Many a hard-pressed wife and mother keeps her heart soft and tender by an occasional visit to the spot where the bodies of her loved ones lie under the green turf, beside the old church where they had worshipped together; but Nance had no such mournful consolation. Only when the winds howled and raged over the sea, near her lonely cot, she would hug her grief, rocking herself to and fro in anguish as she thought of those who had been made the sport of the restless waters.

It was strange how few of the fishermen and their sons could swim. They used to say, "What's the use on't? fur ef yer goes overboard in a gale

with this 'ere heavy top an' bottom fishin' gear on, why down yer goes to Davy's Locker, onless they gets holt on yer with the boat-hook, or chucks yer a spar o' some sort to grip, or lays ye a rope tu lay holt on."
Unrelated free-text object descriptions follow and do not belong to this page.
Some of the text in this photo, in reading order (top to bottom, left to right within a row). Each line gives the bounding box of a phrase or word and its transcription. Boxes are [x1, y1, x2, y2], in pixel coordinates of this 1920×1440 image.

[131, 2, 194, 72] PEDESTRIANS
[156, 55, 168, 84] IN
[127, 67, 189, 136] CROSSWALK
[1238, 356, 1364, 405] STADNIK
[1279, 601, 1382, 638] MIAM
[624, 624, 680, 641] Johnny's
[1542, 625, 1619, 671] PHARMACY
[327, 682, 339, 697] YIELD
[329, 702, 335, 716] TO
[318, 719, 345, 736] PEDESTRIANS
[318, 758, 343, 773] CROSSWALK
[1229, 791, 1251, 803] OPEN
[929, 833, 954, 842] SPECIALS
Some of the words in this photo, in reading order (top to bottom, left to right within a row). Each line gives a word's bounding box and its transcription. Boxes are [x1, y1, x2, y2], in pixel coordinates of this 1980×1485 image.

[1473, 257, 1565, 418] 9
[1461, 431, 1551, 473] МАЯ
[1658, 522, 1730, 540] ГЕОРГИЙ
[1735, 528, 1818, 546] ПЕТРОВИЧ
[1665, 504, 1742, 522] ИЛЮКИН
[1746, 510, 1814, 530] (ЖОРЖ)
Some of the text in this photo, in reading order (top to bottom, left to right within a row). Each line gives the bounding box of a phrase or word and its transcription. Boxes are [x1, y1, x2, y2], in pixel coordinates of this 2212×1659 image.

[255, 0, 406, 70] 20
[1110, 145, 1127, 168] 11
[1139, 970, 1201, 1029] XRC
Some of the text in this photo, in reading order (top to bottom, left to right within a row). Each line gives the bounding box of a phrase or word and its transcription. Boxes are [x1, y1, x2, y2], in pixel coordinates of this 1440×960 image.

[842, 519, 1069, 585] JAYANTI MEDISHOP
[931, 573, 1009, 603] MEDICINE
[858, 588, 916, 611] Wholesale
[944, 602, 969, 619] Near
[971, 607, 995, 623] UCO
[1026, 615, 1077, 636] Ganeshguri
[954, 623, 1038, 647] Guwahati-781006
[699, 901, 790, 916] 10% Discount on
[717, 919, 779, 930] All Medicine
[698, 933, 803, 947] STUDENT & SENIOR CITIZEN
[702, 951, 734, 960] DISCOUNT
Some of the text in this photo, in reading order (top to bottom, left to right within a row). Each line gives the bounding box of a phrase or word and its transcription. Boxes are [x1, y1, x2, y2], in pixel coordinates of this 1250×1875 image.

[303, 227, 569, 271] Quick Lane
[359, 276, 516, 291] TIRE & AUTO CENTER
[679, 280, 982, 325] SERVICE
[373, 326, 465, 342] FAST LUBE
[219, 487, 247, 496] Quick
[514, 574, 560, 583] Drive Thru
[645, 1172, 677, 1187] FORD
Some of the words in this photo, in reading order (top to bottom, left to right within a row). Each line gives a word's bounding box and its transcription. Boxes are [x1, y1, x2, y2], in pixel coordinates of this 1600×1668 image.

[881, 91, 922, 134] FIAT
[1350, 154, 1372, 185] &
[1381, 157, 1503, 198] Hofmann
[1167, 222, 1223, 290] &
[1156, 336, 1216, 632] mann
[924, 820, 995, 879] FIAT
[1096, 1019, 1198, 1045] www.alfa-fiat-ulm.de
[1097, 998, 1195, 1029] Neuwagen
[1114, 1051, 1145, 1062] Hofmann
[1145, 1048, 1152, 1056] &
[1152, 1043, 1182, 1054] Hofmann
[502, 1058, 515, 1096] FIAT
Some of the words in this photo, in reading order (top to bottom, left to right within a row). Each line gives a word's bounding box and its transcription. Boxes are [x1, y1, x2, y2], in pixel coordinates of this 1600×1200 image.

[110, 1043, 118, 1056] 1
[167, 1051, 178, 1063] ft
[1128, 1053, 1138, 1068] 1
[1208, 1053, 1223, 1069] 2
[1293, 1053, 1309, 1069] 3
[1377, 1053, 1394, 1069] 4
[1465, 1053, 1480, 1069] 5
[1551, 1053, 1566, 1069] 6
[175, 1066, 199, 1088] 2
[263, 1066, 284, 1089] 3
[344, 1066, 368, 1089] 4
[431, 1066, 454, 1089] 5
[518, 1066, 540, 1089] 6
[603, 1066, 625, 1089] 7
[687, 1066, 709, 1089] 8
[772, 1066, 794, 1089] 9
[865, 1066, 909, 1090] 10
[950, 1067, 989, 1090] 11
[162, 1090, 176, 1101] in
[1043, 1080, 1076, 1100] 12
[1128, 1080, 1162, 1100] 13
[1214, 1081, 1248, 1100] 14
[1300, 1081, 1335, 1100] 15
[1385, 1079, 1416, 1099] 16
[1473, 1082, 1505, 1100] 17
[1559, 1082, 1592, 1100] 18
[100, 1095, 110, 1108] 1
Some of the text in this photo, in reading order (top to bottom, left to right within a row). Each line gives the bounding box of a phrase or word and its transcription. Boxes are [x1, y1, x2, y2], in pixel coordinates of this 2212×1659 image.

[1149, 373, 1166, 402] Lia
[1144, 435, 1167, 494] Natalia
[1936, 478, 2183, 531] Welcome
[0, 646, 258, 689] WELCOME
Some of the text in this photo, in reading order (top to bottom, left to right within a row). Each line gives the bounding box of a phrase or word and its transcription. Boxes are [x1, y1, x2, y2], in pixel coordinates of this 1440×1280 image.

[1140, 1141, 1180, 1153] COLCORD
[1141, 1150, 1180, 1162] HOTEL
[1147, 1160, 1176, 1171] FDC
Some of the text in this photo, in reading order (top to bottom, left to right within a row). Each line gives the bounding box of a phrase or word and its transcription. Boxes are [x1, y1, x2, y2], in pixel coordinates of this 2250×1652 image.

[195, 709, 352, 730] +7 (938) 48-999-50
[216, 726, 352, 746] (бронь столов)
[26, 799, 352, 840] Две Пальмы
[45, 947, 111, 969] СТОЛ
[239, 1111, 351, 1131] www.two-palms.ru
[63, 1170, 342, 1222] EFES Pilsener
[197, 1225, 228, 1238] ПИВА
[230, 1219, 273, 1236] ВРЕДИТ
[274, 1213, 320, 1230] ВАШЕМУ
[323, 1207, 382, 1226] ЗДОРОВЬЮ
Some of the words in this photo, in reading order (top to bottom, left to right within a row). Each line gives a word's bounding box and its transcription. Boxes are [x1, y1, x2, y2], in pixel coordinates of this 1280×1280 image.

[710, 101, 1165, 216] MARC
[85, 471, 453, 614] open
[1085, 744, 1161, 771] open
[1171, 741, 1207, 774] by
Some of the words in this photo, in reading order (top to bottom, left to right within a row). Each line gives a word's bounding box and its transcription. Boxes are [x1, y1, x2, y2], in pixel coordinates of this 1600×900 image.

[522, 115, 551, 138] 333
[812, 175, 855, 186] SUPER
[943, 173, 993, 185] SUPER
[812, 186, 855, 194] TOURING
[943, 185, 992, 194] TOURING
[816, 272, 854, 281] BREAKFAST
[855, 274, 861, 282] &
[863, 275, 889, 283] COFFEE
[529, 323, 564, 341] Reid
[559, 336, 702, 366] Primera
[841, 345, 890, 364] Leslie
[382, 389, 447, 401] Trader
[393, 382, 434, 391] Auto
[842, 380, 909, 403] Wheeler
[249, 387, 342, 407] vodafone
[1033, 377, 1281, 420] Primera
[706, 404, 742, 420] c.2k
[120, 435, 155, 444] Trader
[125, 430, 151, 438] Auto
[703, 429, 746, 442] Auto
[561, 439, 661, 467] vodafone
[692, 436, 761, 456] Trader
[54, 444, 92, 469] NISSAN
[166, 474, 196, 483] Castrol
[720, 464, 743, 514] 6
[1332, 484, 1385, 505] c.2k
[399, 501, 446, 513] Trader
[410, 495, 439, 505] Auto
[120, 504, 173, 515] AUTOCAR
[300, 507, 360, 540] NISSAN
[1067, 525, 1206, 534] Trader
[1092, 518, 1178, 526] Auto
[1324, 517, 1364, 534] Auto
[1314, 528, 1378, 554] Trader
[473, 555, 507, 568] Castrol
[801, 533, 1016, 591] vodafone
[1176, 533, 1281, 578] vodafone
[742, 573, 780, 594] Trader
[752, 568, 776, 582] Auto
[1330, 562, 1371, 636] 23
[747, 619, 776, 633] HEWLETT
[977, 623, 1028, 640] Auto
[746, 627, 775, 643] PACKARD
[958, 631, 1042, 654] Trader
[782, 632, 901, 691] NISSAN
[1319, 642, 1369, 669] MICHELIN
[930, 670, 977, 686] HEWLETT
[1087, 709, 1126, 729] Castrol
They were right there; the best of swimmers must have sunk, hampered with those heavy tarpaulin suits and the weight of their great sea-boots.

CHAPTER VI.

THE GOLDEN EAGLES AT STANDBECK.

DENZIL, or Den, as he was more commonly called, had done his best to learn to read well from the time his father first began to teach him. A true naturalist, like the poet, is born, not made; and from the first his sole object was to be able to read all about the birds of other countries as well as his own, as he saw them in the beautiful books at his kinsman's house.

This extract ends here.